Records from a dataset
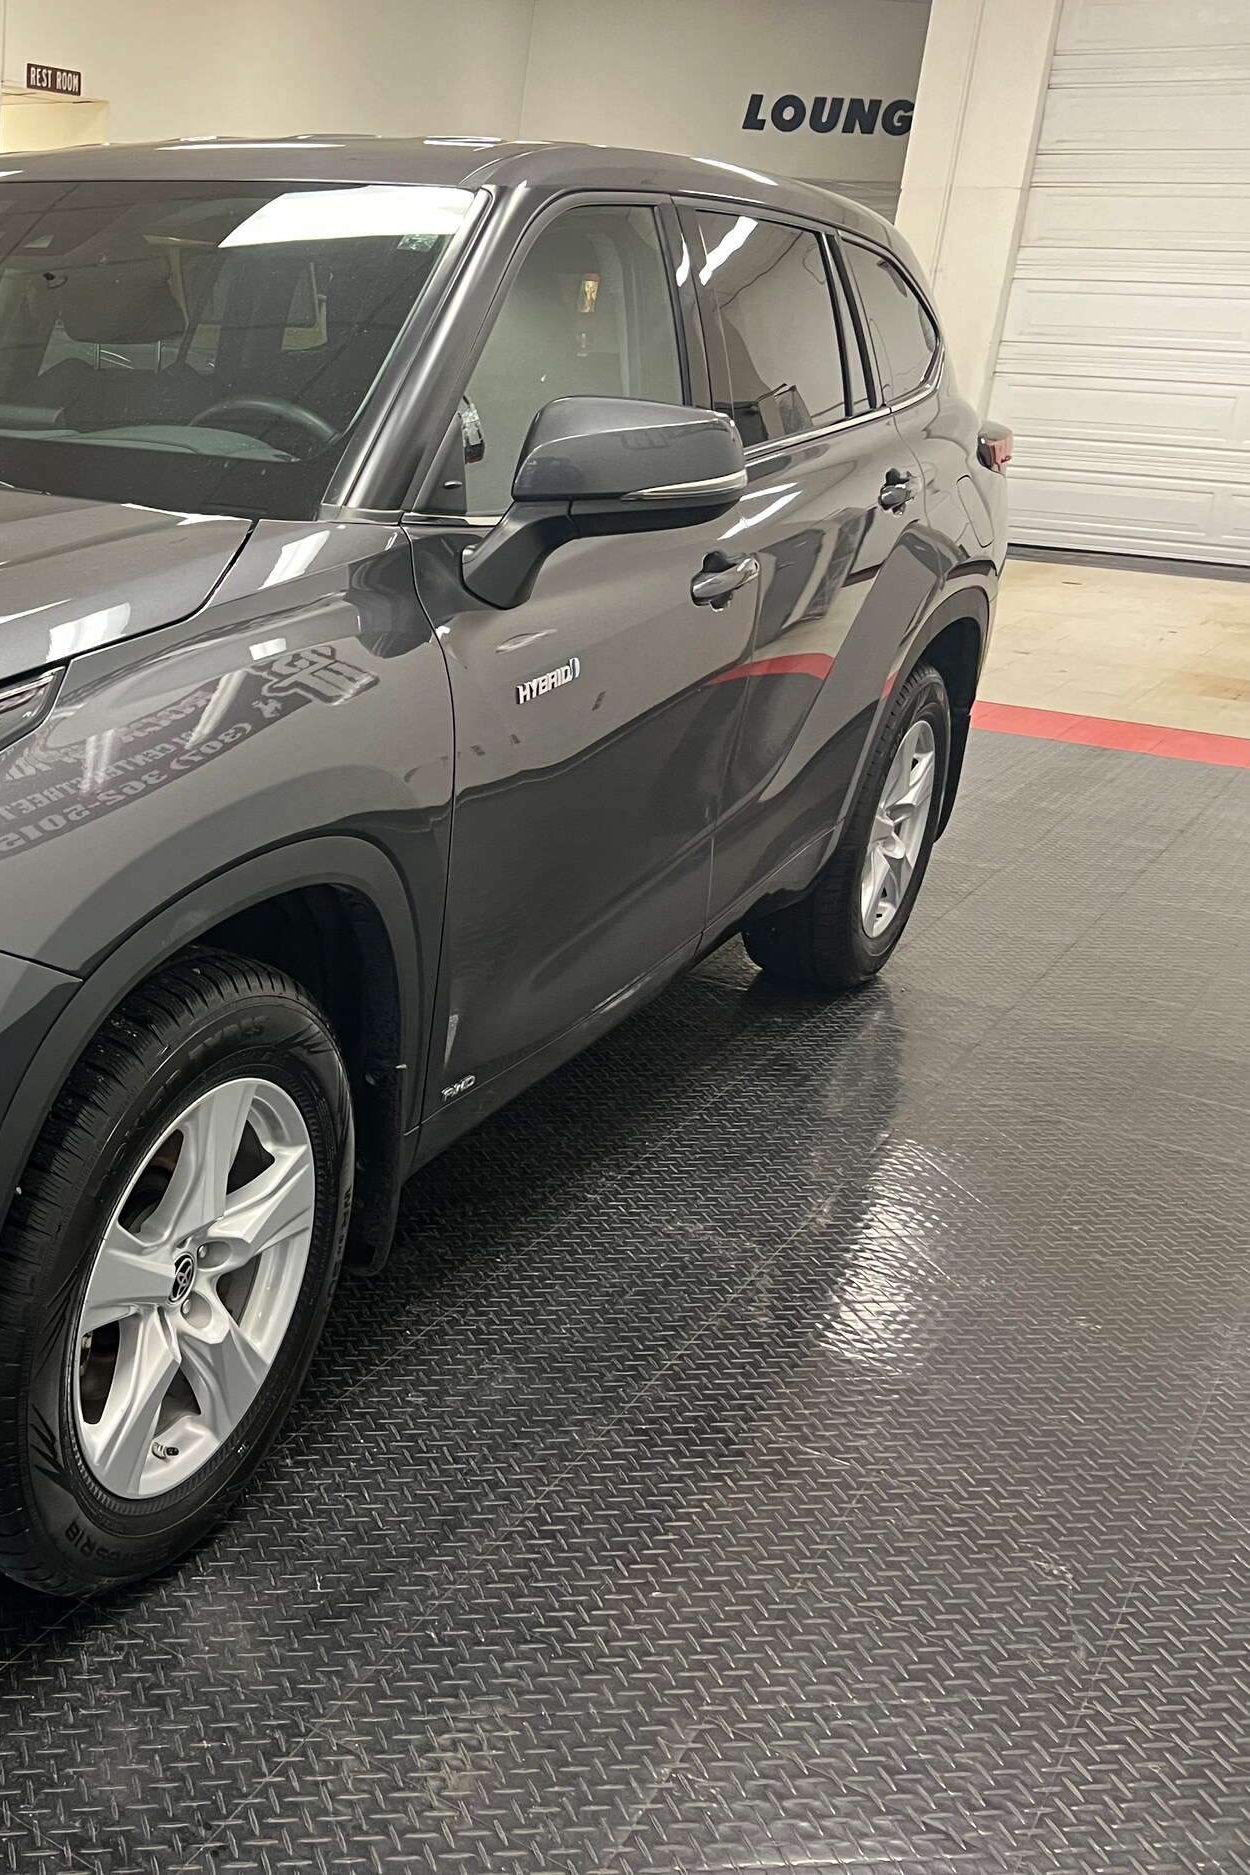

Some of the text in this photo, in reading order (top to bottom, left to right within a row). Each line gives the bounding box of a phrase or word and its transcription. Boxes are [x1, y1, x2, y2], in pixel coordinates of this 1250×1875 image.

[30, 67, 79, 92] REST ROOM
[742, 94, 915, 136] LOUNG
[516, 660, 576, 705] HYBRID
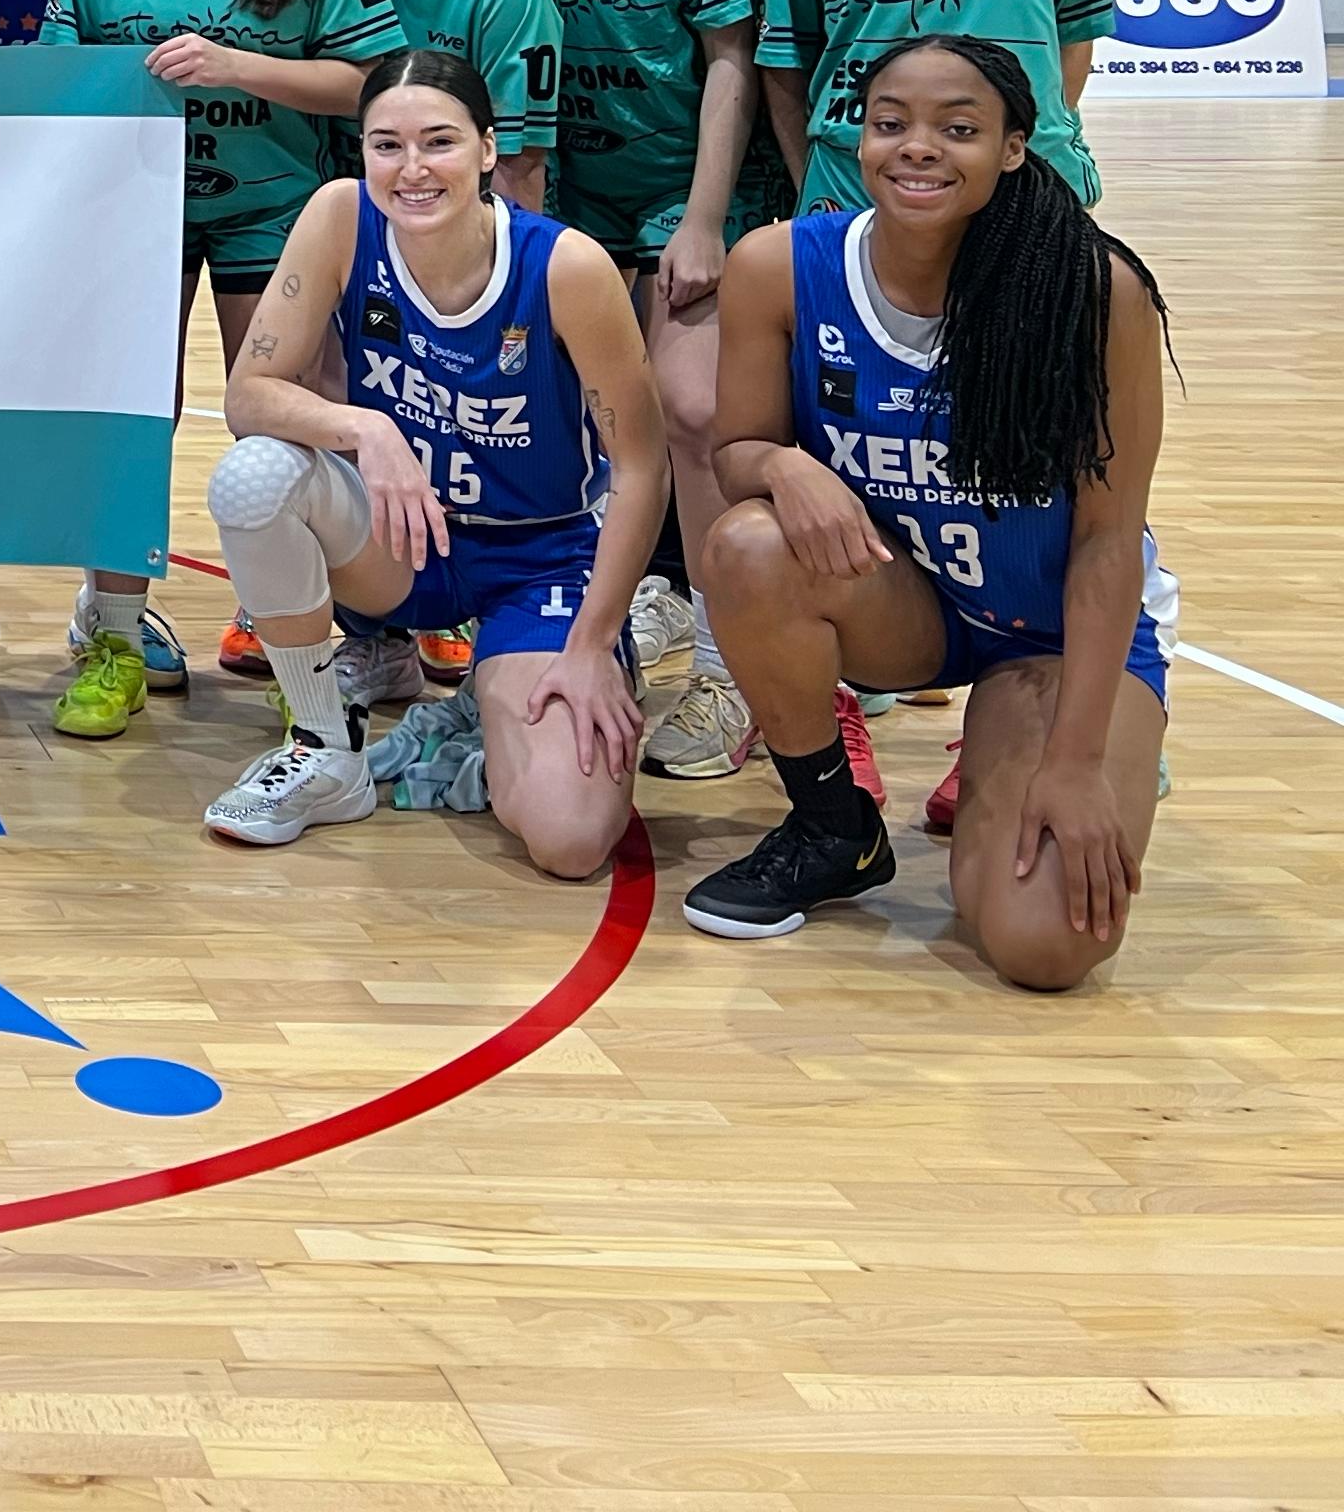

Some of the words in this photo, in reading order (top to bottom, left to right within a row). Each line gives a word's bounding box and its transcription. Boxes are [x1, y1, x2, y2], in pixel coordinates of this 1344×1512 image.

EXERCISE AIM
Without the pictures, set down every entry exactly.

TASK RESPONSE
Some of the text in this photo, in reading order (top to bottom, left to right within a row). Each line gives the bounding box of a phrase or word and its transcription. Boxes are [x1, y1, x2, y2], in pixel coordinates of this 1250×1875 image.

[30, 67, 79, 92] REST ROOM
[742, 94, 915, 136] LOUNG
[516, 660, 576, 705] HYBRID

Some of the words in this photo, in reading order (top to bottom, left to right within a row). Each line gives a word's bounding box and its transcription. Boxes are [x1, y1, x2, y2], in pixel coordinates of this 1344×1512 image.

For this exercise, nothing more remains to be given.